[Materials provided]:
---+---

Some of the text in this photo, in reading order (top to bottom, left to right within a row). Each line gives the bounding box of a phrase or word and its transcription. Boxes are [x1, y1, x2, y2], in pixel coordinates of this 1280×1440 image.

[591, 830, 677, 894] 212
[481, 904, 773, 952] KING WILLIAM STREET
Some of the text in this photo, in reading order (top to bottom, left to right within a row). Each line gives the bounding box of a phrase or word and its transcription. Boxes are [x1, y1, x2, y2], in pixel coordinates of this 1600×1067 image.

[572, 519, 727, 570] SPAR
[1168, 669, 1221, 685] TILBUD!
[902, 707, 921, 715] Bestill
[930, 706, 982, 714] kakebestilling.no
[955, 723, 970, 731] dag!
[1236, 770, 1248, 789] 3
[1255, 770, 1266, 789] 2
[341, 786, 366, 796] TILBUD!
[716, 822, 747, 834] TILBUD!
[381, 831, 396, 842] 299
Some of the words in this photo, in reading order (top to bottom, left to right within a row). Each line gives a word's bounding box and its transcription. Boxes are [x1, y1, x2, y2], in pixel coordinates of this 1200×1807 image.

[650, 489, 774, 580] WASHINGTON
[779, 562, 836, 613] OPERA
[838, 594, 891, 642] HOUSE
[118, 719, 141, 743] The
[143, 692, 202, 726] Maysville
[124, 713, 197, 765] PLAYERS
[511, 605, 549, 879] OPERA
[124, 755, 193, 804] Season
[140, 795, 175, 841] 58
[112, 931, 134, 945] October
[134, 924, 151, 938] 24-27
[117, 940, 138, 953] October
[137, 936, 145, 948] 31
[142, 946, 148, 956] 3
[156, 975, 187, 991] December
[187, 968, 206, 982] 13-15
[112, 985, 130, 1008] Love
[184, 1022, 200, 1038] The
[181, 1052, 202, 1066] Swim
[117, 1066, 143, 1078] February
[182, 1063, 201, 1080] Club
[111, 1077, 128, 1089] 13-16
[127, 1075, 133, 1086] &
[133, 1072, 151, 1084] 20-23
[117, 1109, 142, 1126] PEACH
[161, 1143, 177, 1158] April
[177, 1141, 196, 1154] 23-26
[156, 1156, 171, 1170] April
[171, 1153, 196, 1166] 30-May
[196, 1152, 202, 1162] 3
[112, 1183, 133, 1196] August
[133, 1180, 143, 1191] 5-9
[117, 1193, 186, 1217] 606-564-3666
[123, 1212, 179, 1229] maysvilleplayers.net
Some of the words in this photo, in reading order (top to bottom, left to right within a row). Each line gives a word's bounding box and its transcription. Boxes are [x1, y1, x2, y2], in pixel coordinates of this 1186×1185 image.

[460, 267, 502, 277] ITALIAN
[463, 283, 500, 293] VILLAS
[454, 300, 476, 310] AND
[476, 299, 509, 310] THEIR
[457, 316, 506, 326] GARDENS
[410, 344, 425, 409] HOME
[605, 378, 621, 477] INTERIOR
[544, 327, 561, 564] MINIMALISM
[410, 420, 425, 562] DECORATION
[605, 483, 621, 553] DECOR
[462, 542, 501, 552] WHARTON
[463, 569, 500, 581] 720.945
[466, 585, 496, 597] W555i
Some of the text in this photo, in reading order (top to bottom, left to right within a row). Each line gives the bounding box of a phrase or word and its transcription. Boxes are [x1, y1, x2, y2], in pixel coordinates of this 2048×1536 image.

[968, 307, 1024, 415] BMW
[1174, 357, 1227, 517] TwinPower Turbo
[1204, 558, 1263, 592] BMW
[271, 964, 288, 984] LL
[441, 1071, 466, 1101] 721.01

---+---

[Task]: Reproduce only the lines running from the one that contains "this 2048×1536 image." to the last line of the records.

[Response area]:
Some of the text in this photo, in reading order (top to bottom, left to right within a row). Each line gives the bounding box of a phrase or word and its transcription. Boxes are [x1, y1, x2, y2], in pixel coordinates of this 2048×1536 image.

[968, 307, 1024, 415] BMW
[1174, 357, 1227, 517] TwinPower Turbo
[1204, 558, 1263, 592] BMW
[271, 964, 288, 984] LL
[441, 1071, 466, 1101] 721.01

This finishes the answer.